По окончании речи Болеслава заплакала, сначала тихо всхлипывала, потом её мать стала утешать и уже через пять минут они рыдали в голос вдвоём. Роман Адамович достал трубку, набил её табаком, затем спустился с веранды во двор и затянулся, глядя поверх забора на людей, понуро расходящихся от громкоговорителя. Я взял Станислава за руку и подошел к тестю, пусть бабы там сами проплачутся.
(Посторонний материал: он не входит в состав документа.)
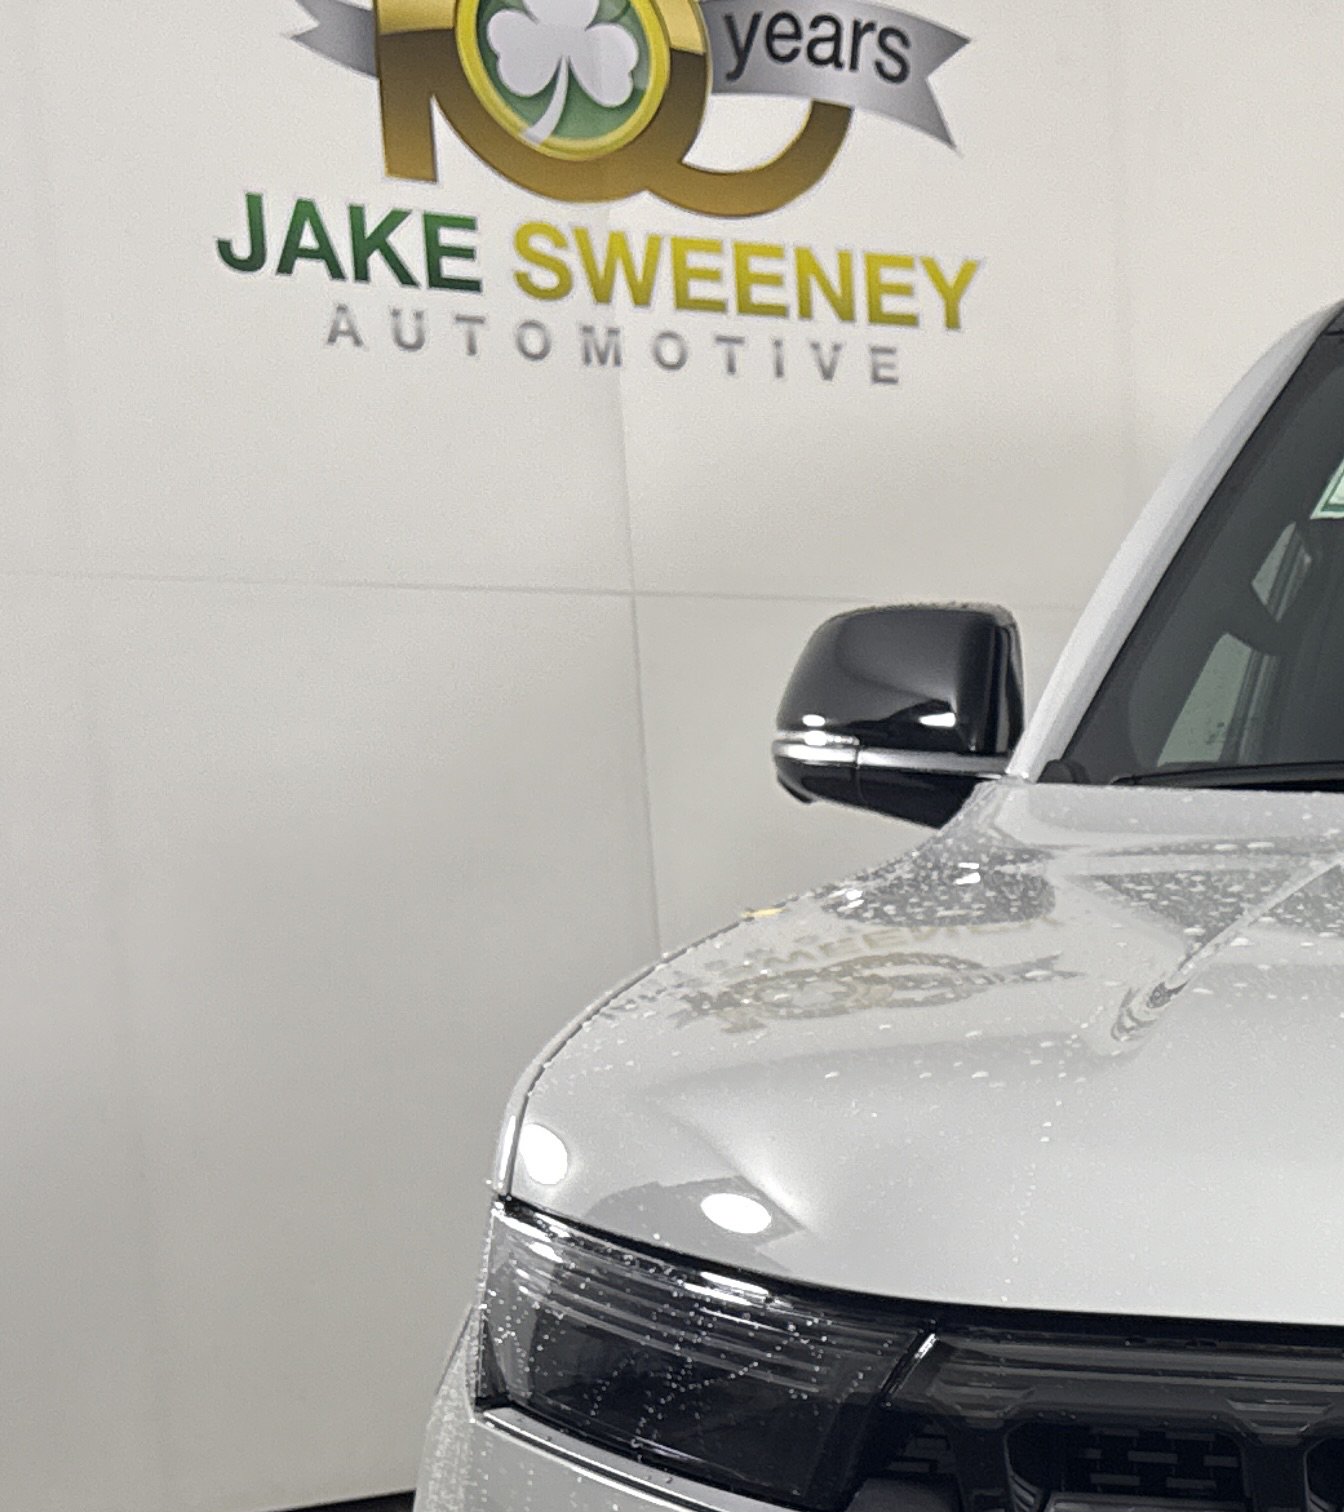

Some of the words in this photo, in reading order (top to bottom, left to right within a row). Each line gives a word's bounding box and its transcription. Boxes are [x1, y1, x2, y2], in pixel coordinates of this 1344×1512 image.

[724, 8, 912, 86] years
[215, 190, 484, 294] JAKE
[512, 219, 981, 331] SWEENEY
[325, 303, 900, 385] AUTOMOTIVE
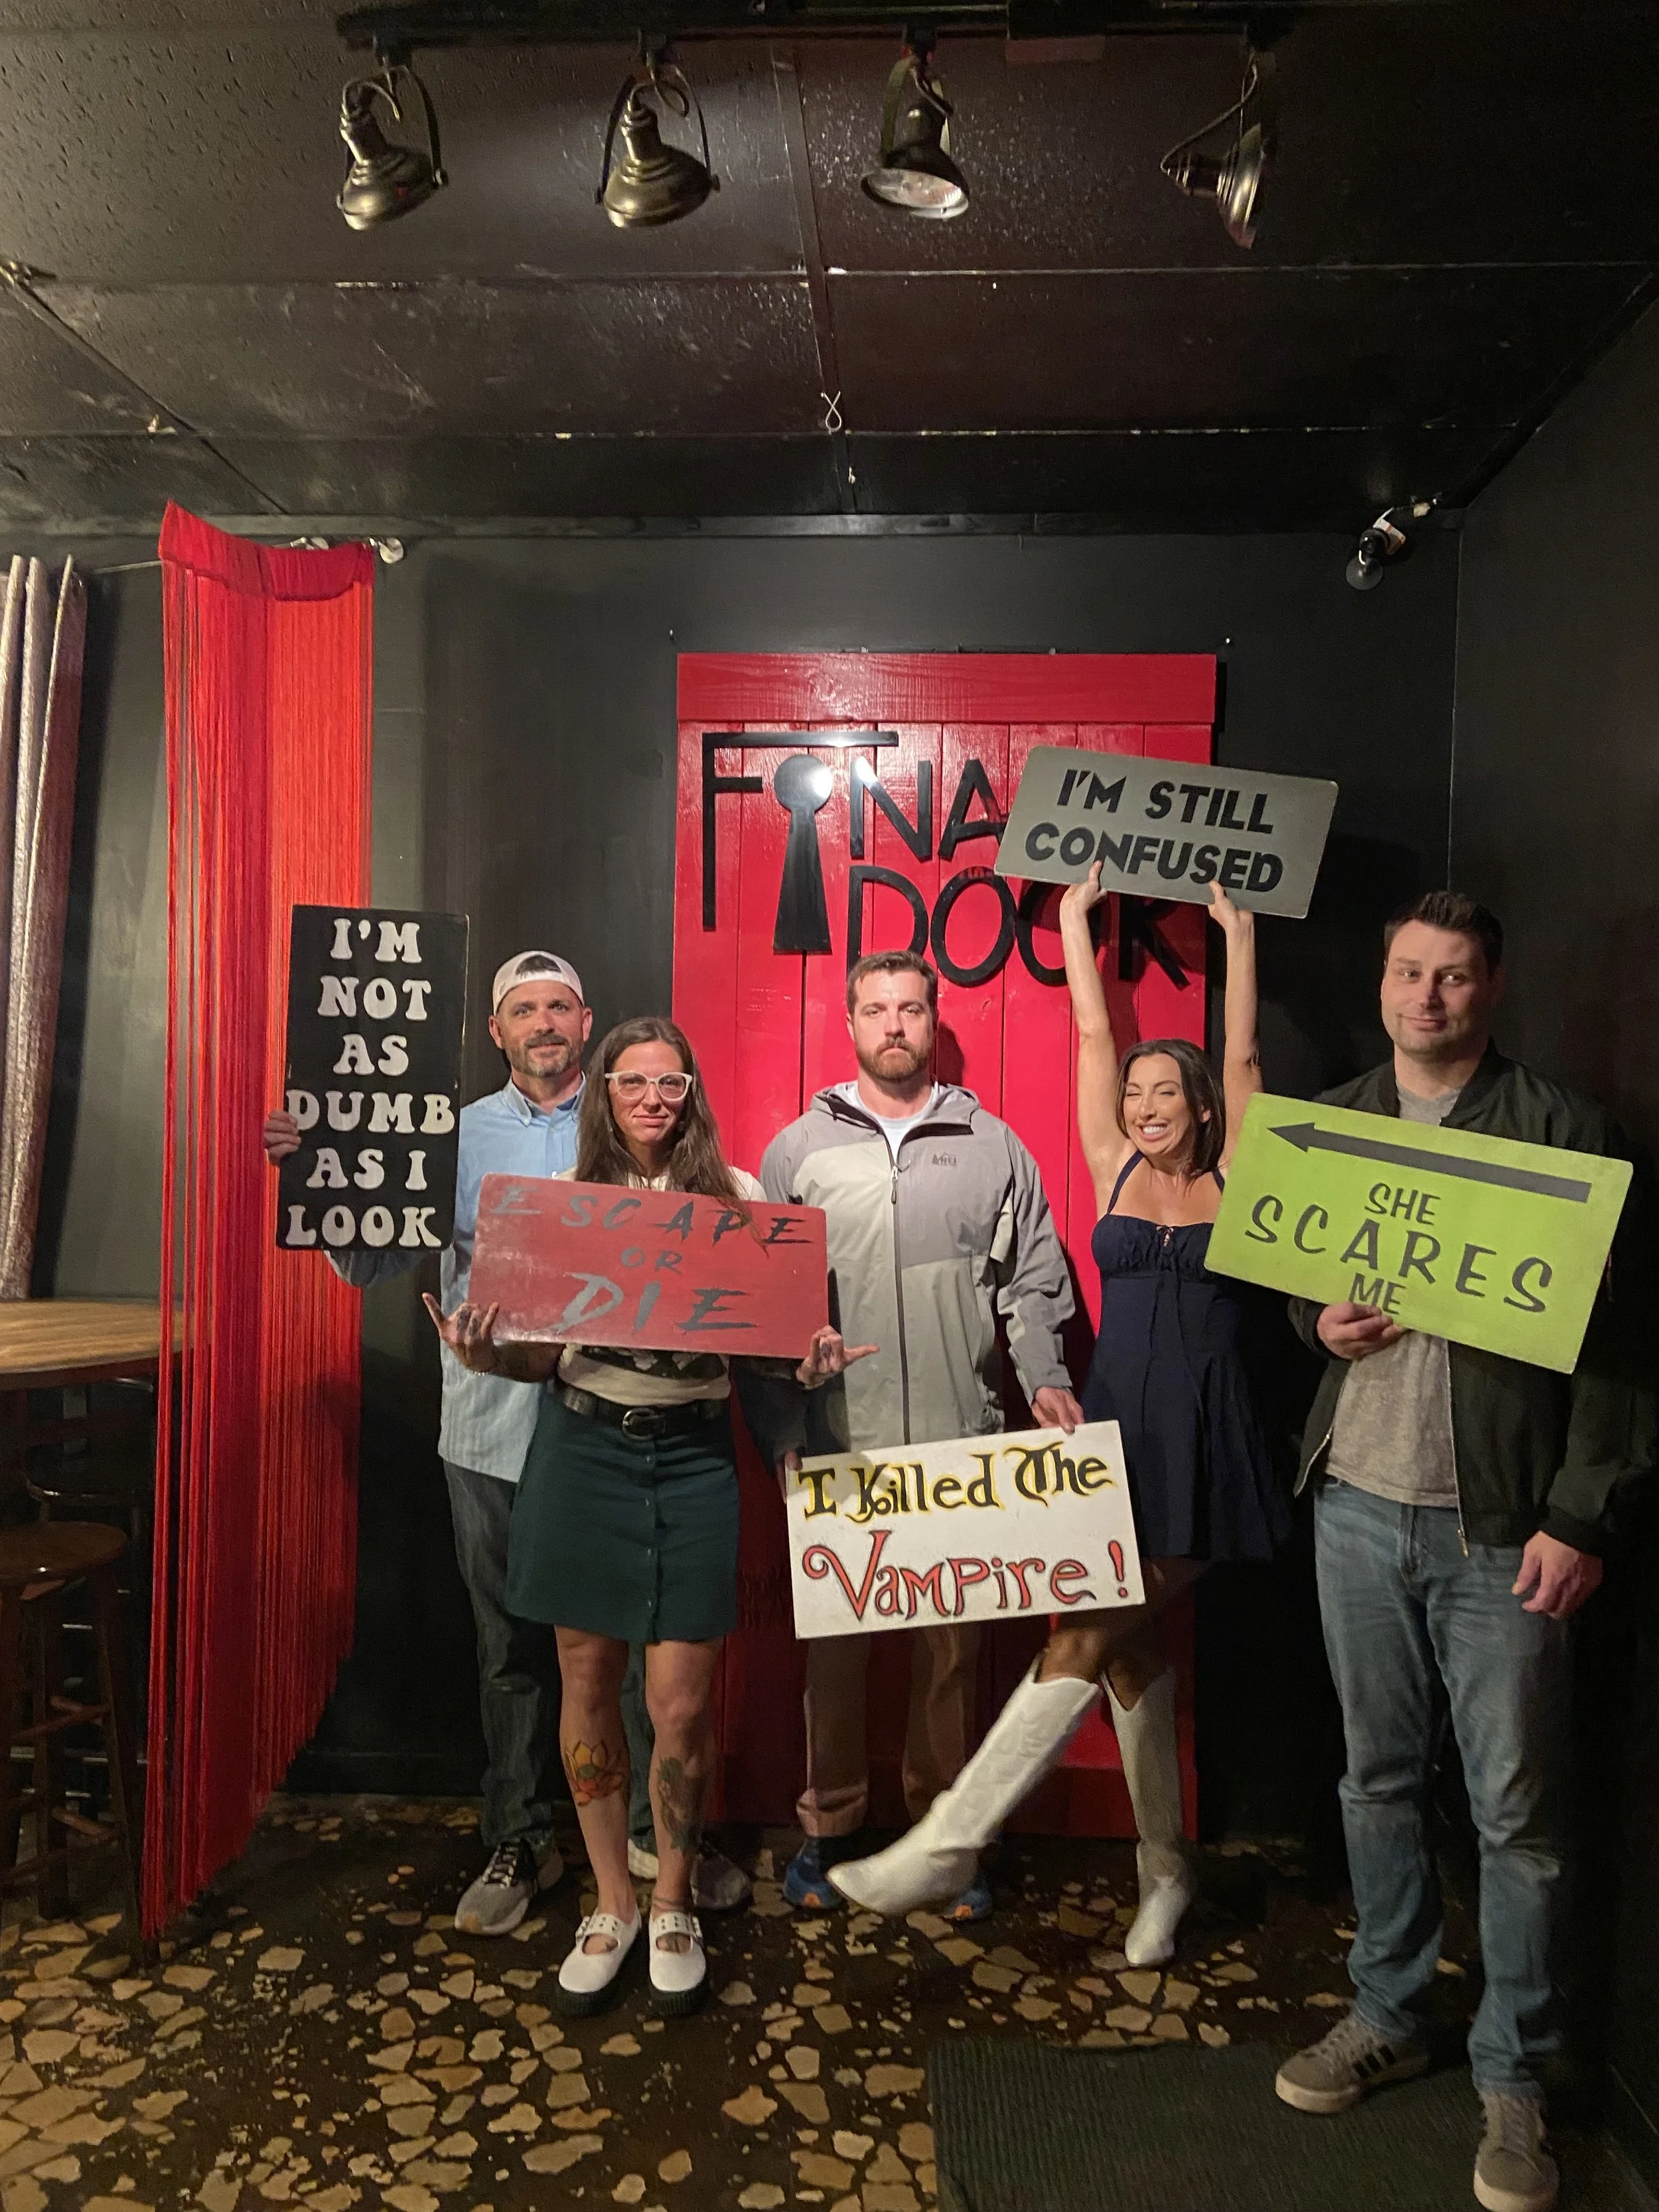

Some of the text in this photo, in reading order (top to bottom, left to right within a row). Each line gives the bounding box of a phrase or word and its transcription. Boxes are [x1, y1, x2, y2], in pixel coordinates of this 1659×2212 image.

[1057, 769, 1273, 834] I'M STILL
[1025, 822, 1283, 893] CONFUSED
[330, 918, 422, 963] I'M
[317, 975, 431, 1021] NOT
[332, 1033, 409, 1076] AS
[285, 1089, 455, 1134] DUMB
[306, 1147, 427, 1191] AS I
[285, 1205, 441, 1247] LOOK
[490, 1184, 814, 1246] ESCAPE
[1364, 1183, 1441, 1226] SHE
[620, 1246, 684, 1274] OR
[1245, 1195, 1553, 1313] SCARES
[548, 1272, 758, 1335] DIE
[1348, 1273, 1406, 1314] ME
[798, 1441, 1114, 1522] I Killed The
— Знаете, Андрей, а я ведь всё время сомневался. Когда из Львова уезжал — сомневался, когда по Вашему совету продуктами закупался, тоже сомневался, даже когда сказали, что сегодня будет важное сообщение правительства, тоже сомневался, — он помолчал, глядя куда-то вдаль, — и продолжил, — Спасибо тебе, — он всё никак не мог определиться с тем, как ко мне обращаться, на ты или на Вы? — Во Львове сейчас, наверное, будет очень тяжелая ситуация… А как ты думаешь, чем это всё кончится?
— Сначала немцы будут наступать за счет лучшей организации и опыта, но потом СССР проведет мобилизацию, перенастроит промышленность и в конце концов разгромит немецкую армию. Коммунисты хорошо умеют работать в мобилизационном режиме в отличие от канувшего в лету царского режима. Но это может затянуться на несколько лет. Немецкая армия очень сильна.
— Меня ведь в шестнадцатом году после четвертого курса на фронт забрали и назначили хирургом в полевой госпиталь, — Тестю вдруг захотелось поделиться воспоминаниями о своём военном прошлом, — Солдат пользовал, офицеров ведь лечили опытные квалифицированные специалисты, а нижних чинов — чаще всего недоучки вроде меня, или вообще фельдшеры. Поначалу… — он замолчал, мысленно погрузившись в воспоминания, пару раз затянулся и продолжил, сменив тему, — Повезло, что во время революции наш госпиталь в Латвии стоял, там я и остался, а когда Пилсудский с Советами мир подписал, тогда и во Львов переехал. Ужасное было время, и вот опять!
— Да, тяжелые времена настают, — согласился я с ним, и перешел на другую тему, — А Мише, наверное, лучше в автомобильный техникум перейти.
— Думаете? — заинтересованно переспросил Роман Адамович.
— Да, ему ведь скоро шестнадцать, и если война затянется, то его после окончания десятилетки, в восемнадцать лет скорее всего направят в офицерские ускоренные курсы, а потом на фронт. Ну а обучение в техникуме даст возможность остаться работать на автозаводе, а если и заберут в армию, то скорее всего — в ремонтные или автомобильные подразделения. Это ничего не гарантирует, но шансы уцелеть на этой войне будут выше.